Lei non ha idea di chi sia, non se lo ricorda più.
È in una stanza che non conosce. C’è una donna anziana, in piedi – sembra molto triste, ma non piange. Tiene le mani sulle spalle del ragazzino che invece continua a fissarla con occhi pieni di lacrime.
Lo guarda meglio – no, non somiglia a nessuno. No, non si ricorda proprio di chi sia quel bambino.
Chiude gli occhi.
Eccolo, finalmente.
Il rumore del Mare.
E poi si ricorda.
Ma certo: il Bambino. La Vecchia Donna.
I protagonisti di una Storia.
Ma la Storia di chi?
 
 
Una Farfalla tiepida le accarezza la mano.
Apre gli occhi.
Luce.
Le onde non si sentono più.
– Le onde non si sentono più.
– Ti sei svegliata.
Gira la testa – è piena di ovatta.
C’è un sorriso a mezzaluna su quel piccolo viso.
Oggi le sembra di averlo già visto da qualche parte, prima.
Ma non c’è più un prima né un dopo nella sua testa.
– E’ piena di ovatta.
Che cosa, le chiede una voce.
- La mia testa. E’ piena di ovatta.
Gira lo sguardo intorno alla stanza, cercando da dove viene la voce.

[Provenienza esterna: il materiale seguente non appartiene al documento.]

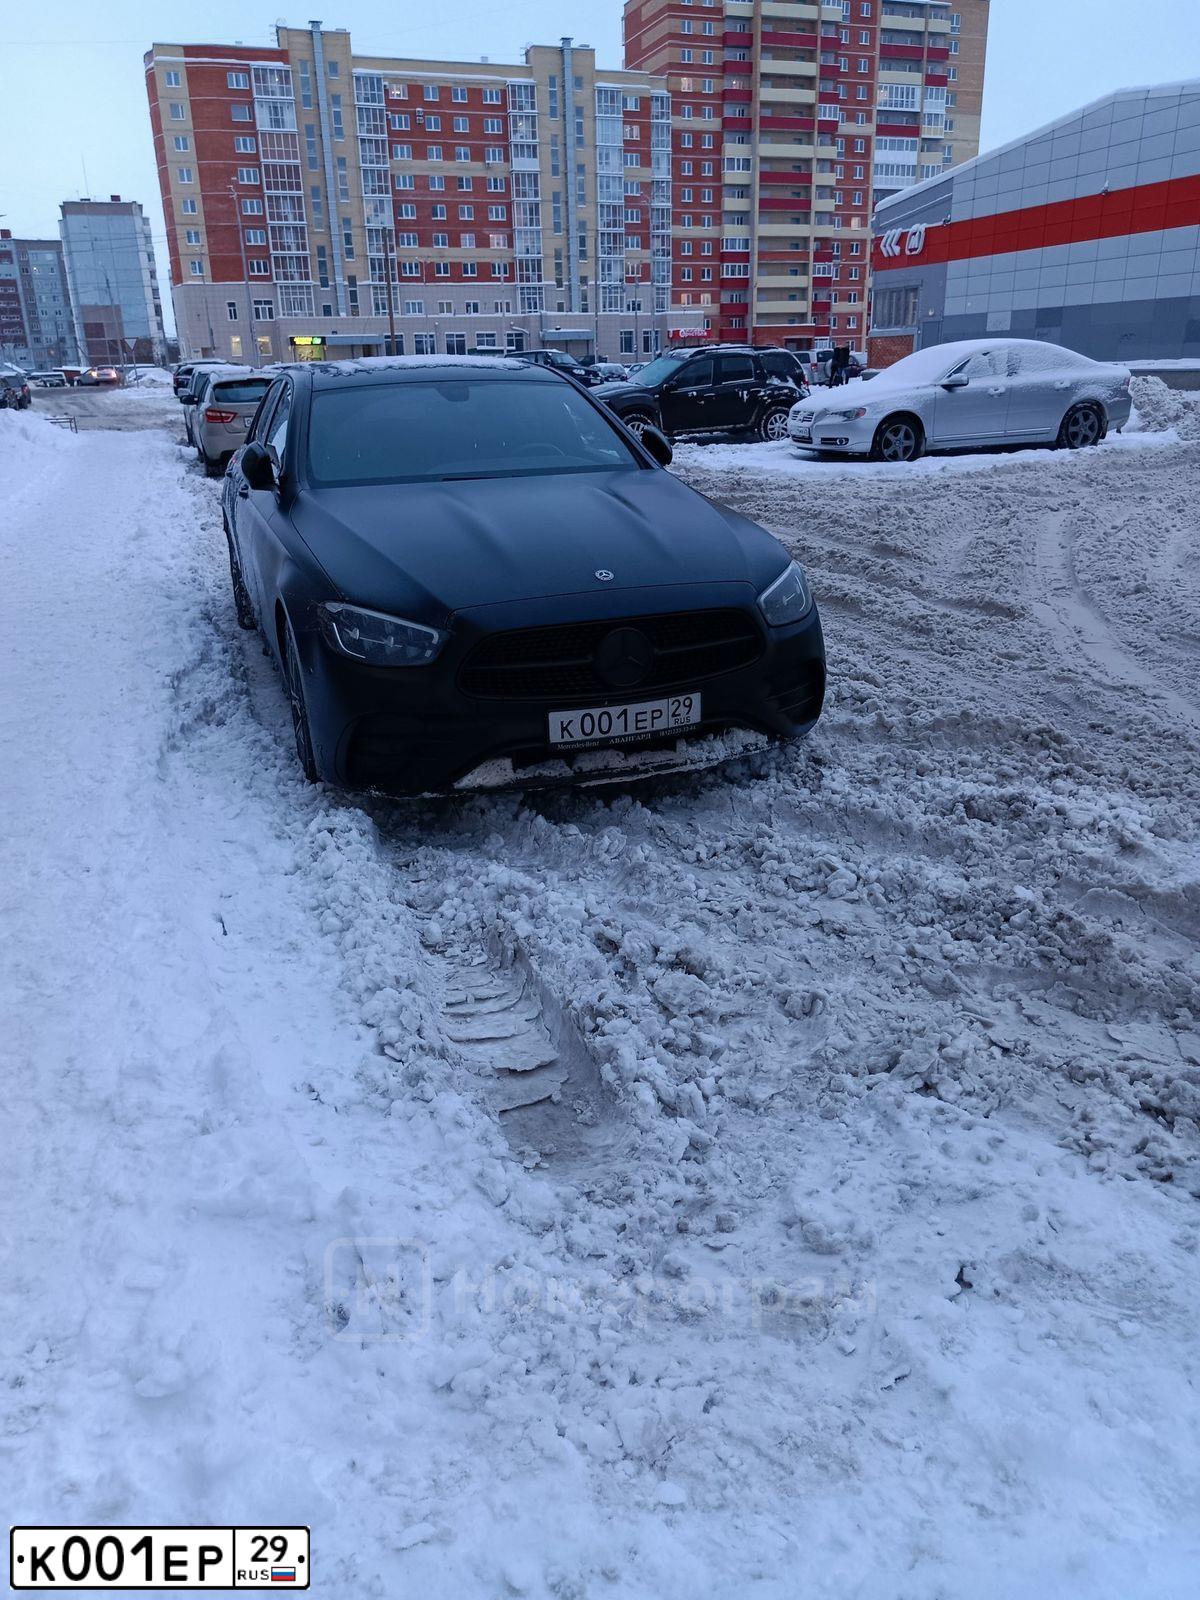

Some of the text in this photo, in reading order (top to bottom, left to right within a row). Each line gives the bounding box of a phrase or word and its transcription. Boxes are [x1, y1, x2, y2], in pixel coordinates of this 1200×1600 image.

Non c’è nessuno. Tende svolazzano nella luce. Chissà se dietro di esse c’è il Mare.
La voce sarà del Bambino; non c’è nessun altro, a parte lui.
Quasi quasi gli chiederebbe di scostare le tende; vuole vedere se c’è il Mare. E lei si sente troppo debole per alzarsi da quel letto di ovatta. Morbido, si affossa sotto il suo corpo – come la sua testa, si incurva di pensieri rotondi, slegati, sformati. Una matassa di lana imbevuta di acqua che lenta si disfa.
– Dimmi, tu lo senti il Mare?
Il Bambino la guarda senza espressione. Le posa una manina sulla sua. Era quella la carezza tiepida della farfalla che l’aveva svegliata.
Lo guarda meglio.
– Non somigli a nessuno che conosco.
Il Bambino sembra molto triste, ma non piange.
– Mi hai sempre detto che somiglio alla mamma, e a te. E solo poco poco a papà.
Non ha idea di cosa stia parlando.
Il soffitto è molto luminoso. Le tende sono bianche, sembrano leggere come piume. Pensieri morbidi continuano a rotolare senza senso nella sua testa, da un angolo all’altro. Ovatta le riempie le orecchie.
Una Falena fredda le accarezza una mano.
Abbassa lo sguardo.
Il Bambino le ha messo davanti una foto in una cornice pesante, d’argento, fredda come una falena.
Delle figurine si muovono incerte al suo interno. Ma i suoi occhi sono troppo offuscati per metterle a fuoco.
– Ti ricordi? – la voce del Bambino trema, come un trapezista scosso da un forte vento sull’esile filo. – Mamma, papà… e io. Ero appena nato.
Ma c’è solo nebbia davanti alle sue pupille. Lascia ricadere lentamente la foto.
– Lo senti il Mare? – chiede.
Il Bambino abbassa la testa. Lei torna a guardare il soffitto. Piccole ombre vi si muovono attraverso come piccoli insetti – farfalle. Lo sente piangere, le sembra stia piangendo. O forse sta solo imitando lo scroscio delle onde sulla sabbia.
Se lo ricorda benissimo, quello.
– Sai, quand’ero piccola… mio padre… – si interrompe, si rabbuia. – No, mio padre non ci ha mai portate in spiaggia da bambine. Ci sono andata più tardi, con mio cugino Sirius. Ero più grandicella, allora… Te lo ricordi Sirius?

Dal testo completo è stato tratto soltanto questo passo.